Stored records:
[Start of Attachment]

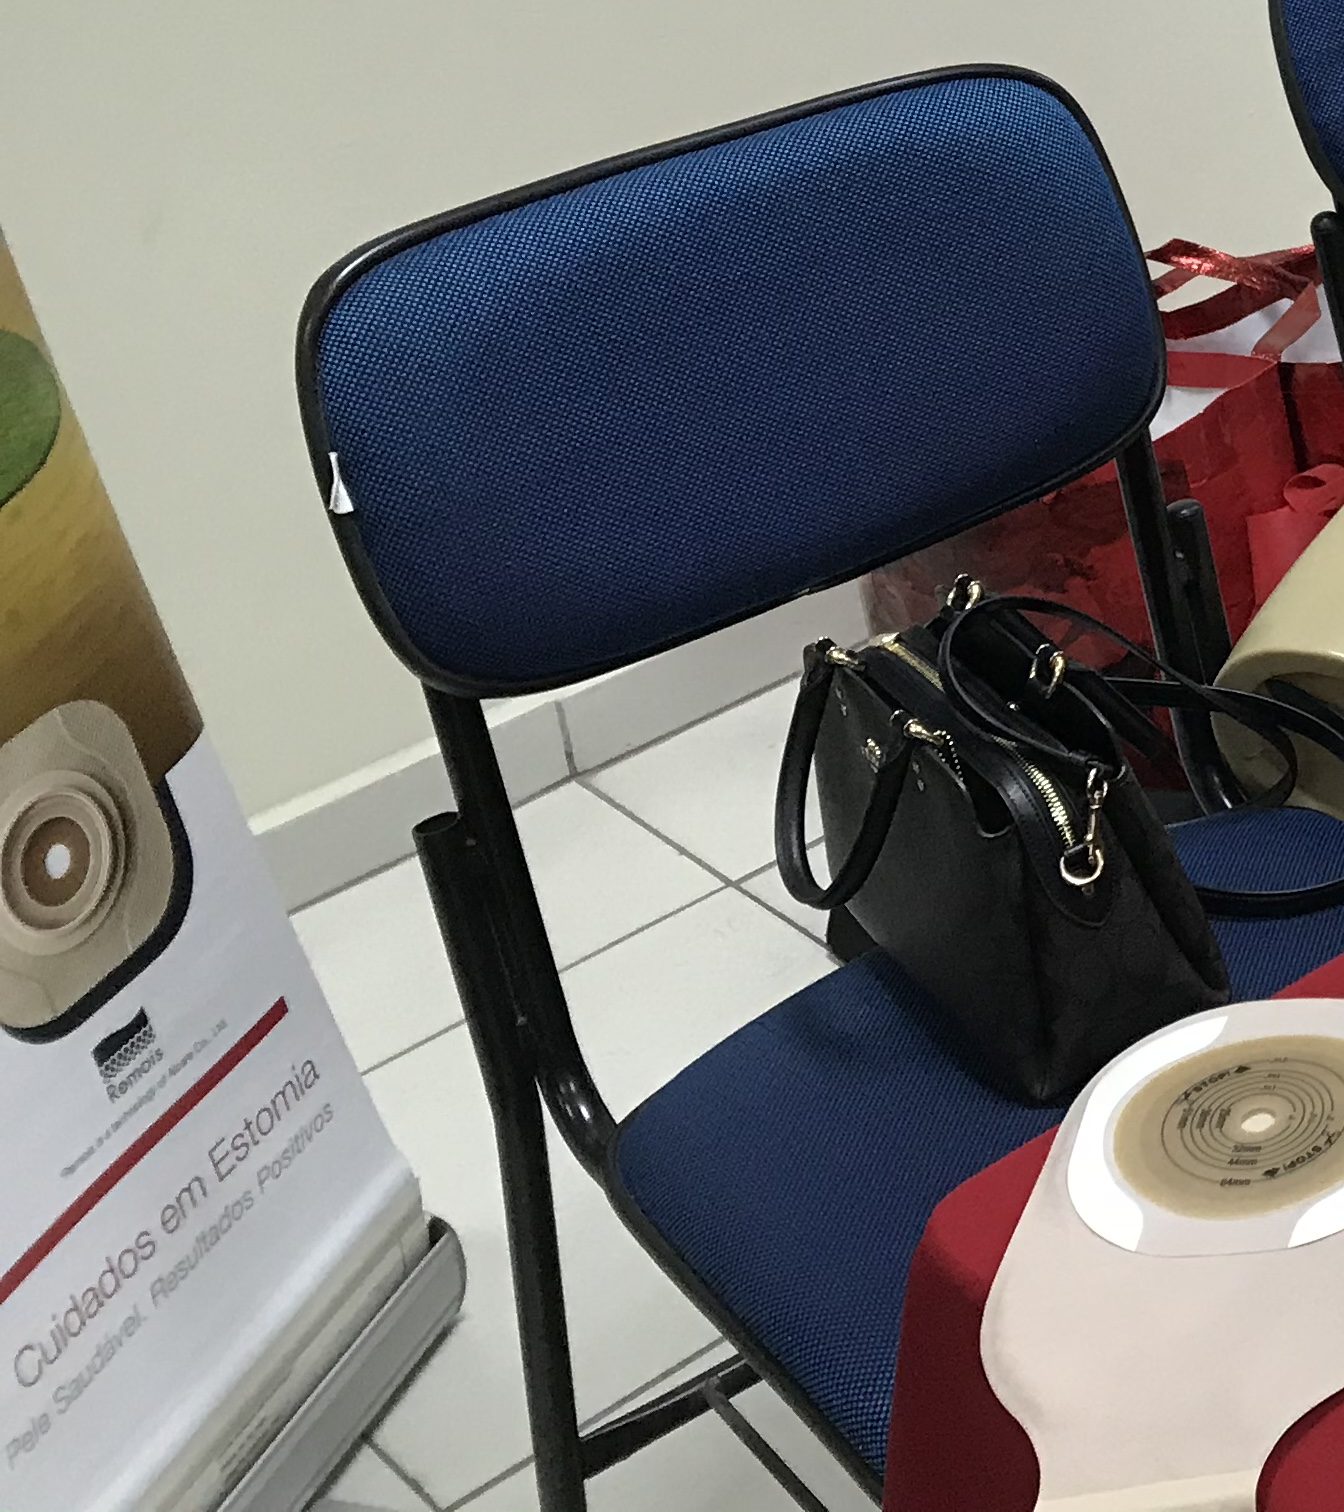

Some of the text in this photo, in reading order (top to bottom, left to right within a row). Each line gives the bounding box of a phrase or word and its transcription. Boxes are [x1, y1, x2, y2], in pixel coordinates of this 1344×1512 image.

[4, 1412, 51, 1471] Pele
[149, 1189, 255, 1310] Resultados
[255, 1102, 335, 1195] Positivos
[14, 1230, 156, 1388] Cuidados
[160, 1175, 208, 1234] em
[208, 1059, 320, 1182] Estomia
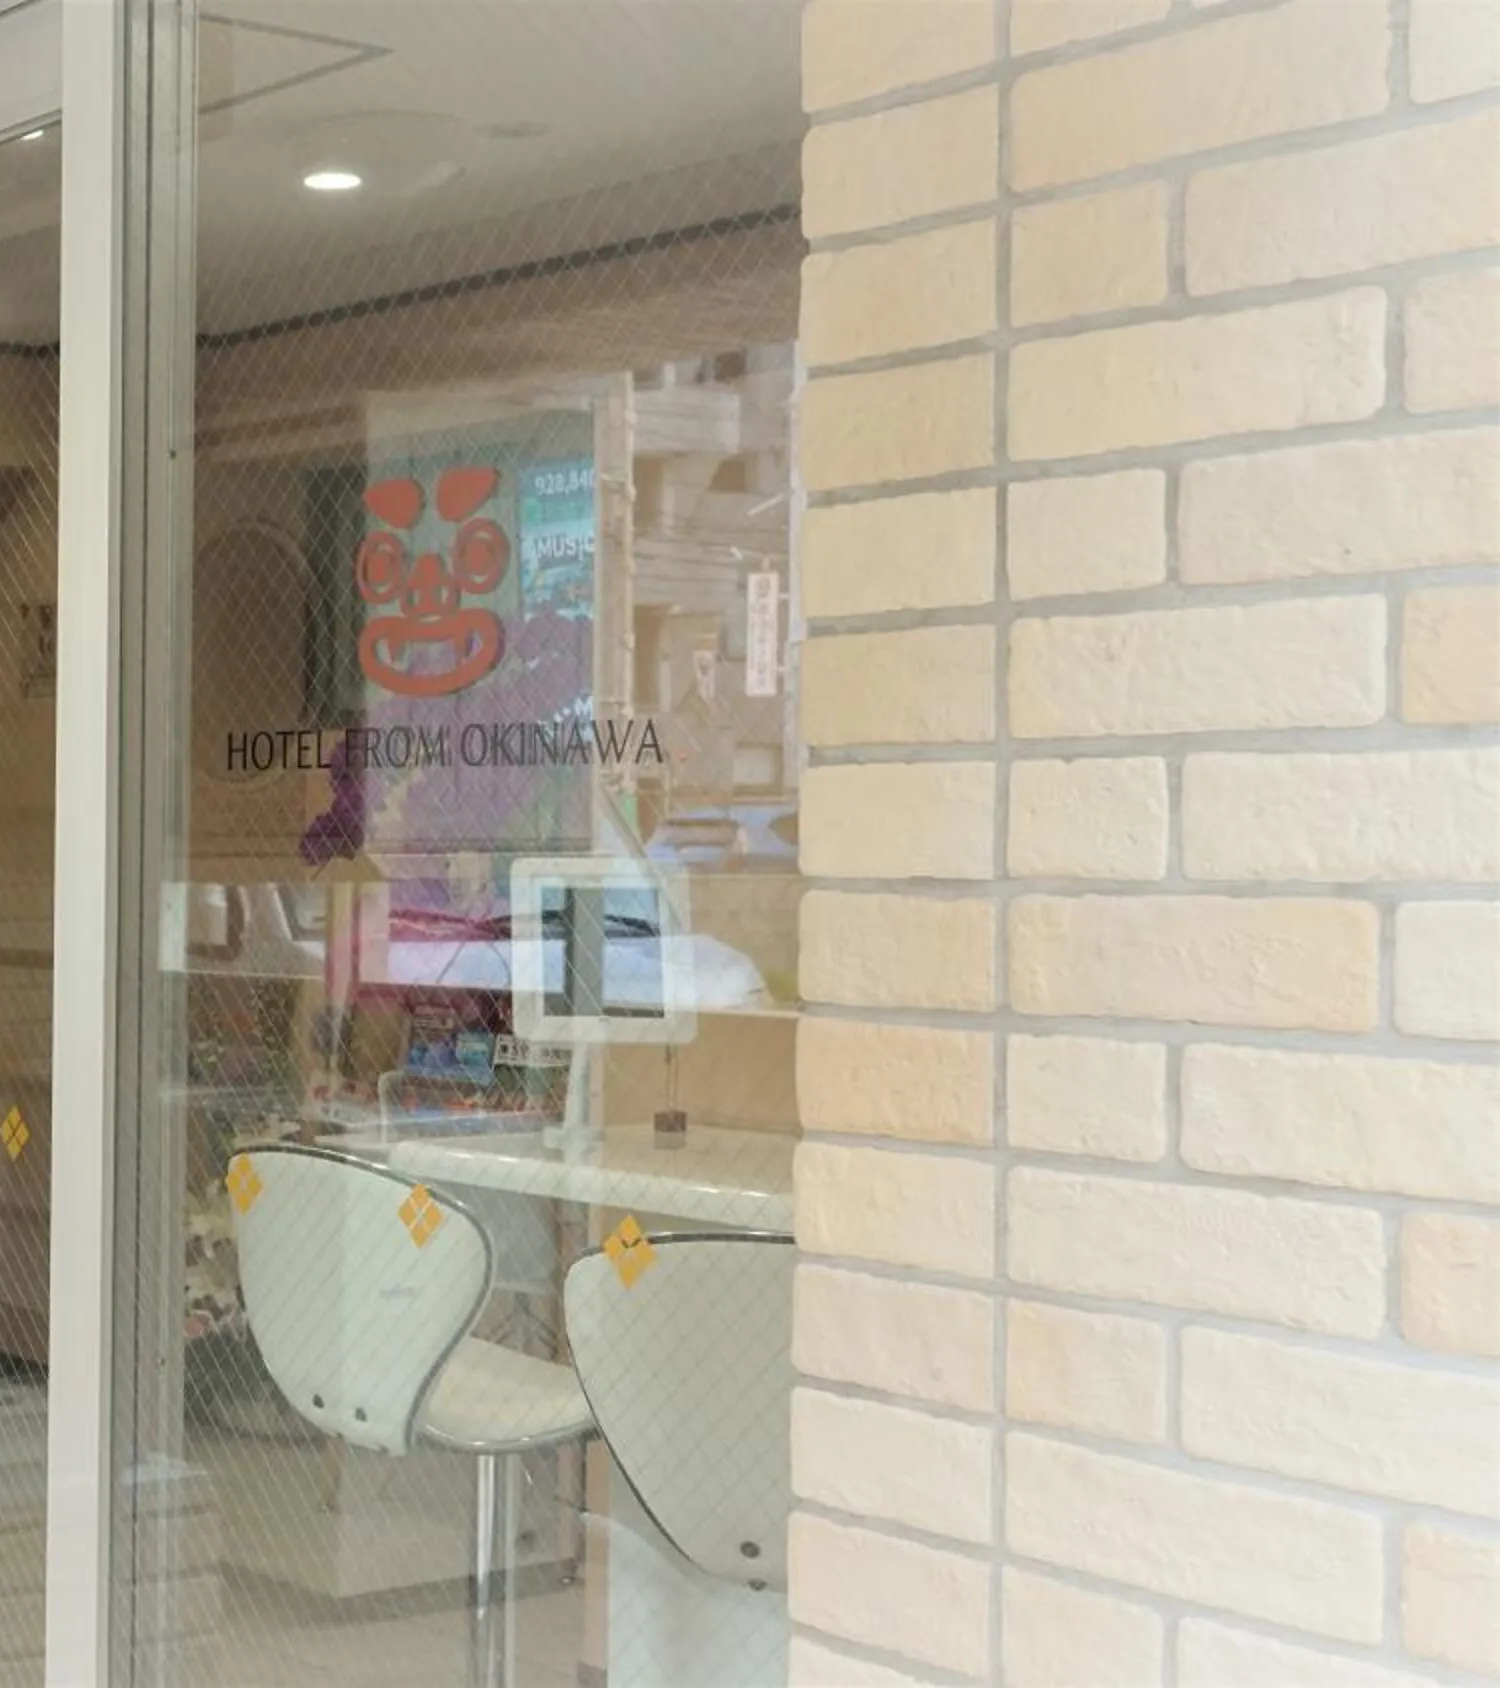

[End of Attachment]

An exact restatement of every record is required. Omit the images.

> Answer space
Some of the text in this photo, in reading order (top to bottom, left to right within a row). Each line gives the bounding box of a phrase or word and its transcription. Boxes are [x1, y1, x2, y2], in pixel coordinates of this 1344×1512 image.

[4, 1412, 51, 1471] Pele
[149, 1189, 255, 1310] Resultados
[255, 1102, 335, 1195] Positivos
[14, 1230, 156, 1388] Cuidados
[160, 1175, 208, 1234] em
[208, 1059, 320, 1182] Estomia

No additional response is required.